Comedy Can Sugarcoat Difficult Issues

By McAlister, Nancy | The Florida Times Union, April 27, 1997 | Go to article overview

Comedy Can Sugarcoat Difficult Issues


McAlister, Nancy, The Florida Times Union


In the 1972 TV movie, That Certain Summer, a son discovered his

divorced father was living with another man. The lead character

told the youth: "A lot of people think it [homosexuality] is

wrong. They say it's a sickness . . . If I had a choice, it's

not something I'd pick for myself."

That bit of dialogue came at the insistence of ABC censors,

according to the authors of Watching America: What Television

Tells Us About Our Lives. In the same era, episodes of the

medical drama Marcus Welby had storylines in which gay men were

portrayed as psychologically deviant. In one, a high school

teacher molested a 14-year-old boy.

TV's treatment of homosexuality moved from negative portrayals

to more sympathetic ones in the mid-1970s. But the next

evolution took two decades, culminating in Wednesday's edition

of Ellen (9 p.m. ABC), in which former bookstore owner Ellen

Morgan comes to the conclusion she's a lesbian.

The Puppy Episode, which carries a TV-14 parental guideline, is

the first time a lead character on network TV has made the

declaration, "I'm gay." And the fact that Ellen DeGeneres plays

the only gay primary character of a TV sitcom is considered

ground breaking.

"It will also be the most realistic," said Alan Klein,

spokesman for the Gay and Lesbian Alliance Against Defamation.

"The fact that Ellen DeGeneres has come out of the closet will

help guarantee this character will not be overblown. It will

reflect accurately, we hope, the lives of lesbian and gay

Americans."

The changes in the 1970s were attributed to lobbying by gays,

according to Watching America. "By 1976, gays had made a

transition from invisibility to saturation as popular sitcoms

like Alice and Barney Miller introduced recurring homosexual

characters," said authors S. Robert Lichter, Linda S. Lichter

and Stanley Rothman, who studied prime time series since the

1950s.

But when groups like the Gay Media Task Force began to push to

eliminate negative stereotypes, TV portrayals often became of

misunderstood, harassed individuals. During a 1978 episode of

Family, for example, a high school teacher's career was

threatened by homophobes.

Even though portrayals have changed, no prime-time series has a

homosexual character as its lead. There are 28 characters on TV

that could be classified as lesbian, gay, bisexual and

transgender, according to a tally by the Gay and Lesbian

Alliance Against Defamation, which bills itself as the nation's

lesbian and gay news bureau and watchdog organization.

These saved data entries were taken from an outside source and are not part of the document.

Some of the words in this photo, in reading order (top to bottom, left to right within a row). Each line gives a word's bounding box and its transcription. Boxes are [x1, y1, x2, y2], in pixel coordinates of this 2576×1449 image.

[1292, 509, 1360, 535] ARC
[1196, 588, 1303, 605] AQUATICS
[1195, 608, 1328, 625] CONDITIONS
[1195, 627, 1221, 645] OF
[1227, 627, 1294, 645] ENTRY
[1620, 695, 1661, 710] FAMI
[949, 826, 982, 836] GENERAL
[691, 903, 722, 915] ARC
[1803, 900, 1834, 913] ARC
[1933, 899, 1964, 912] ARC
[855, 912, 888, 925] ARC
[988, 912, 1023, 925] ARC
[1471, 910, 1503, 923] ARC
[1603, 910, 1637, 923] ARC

The current crop is comprised of characters who are secondary

in importance or incidental. In shows such as Mad About You and

Nash Bridges, the gay characters are relatives of the A-list

crowd. On The Larry Sanders Show and The Simpsons, they're

executive assistants at the office.

Ellen's Ellen Morgan is not the first gay sitcom lead, however.

In 1981, the premiere of NBC's Love, Sidney made indirect

reference to the sexual orientation of middle-aged commercial

artist Sidney Shorr (played by Tony Randall). In the story, his

years of solitude suddenly ended with the arrival of young

actress Lauri Morgan (played by Swoozie Kurtz) and her daughter.

But protests and threats of boycotts by the Coalition for

Better Television caused NBC to change the show. Sidney and

Lauri lived like brother and sister, and no mention was made

again of his homosexuality.

Prime time has depicted many two-dimensional gay characters

who've been ashamed of who they are, questioned their

orientation or were flamboyant stereotypes, Klein said. …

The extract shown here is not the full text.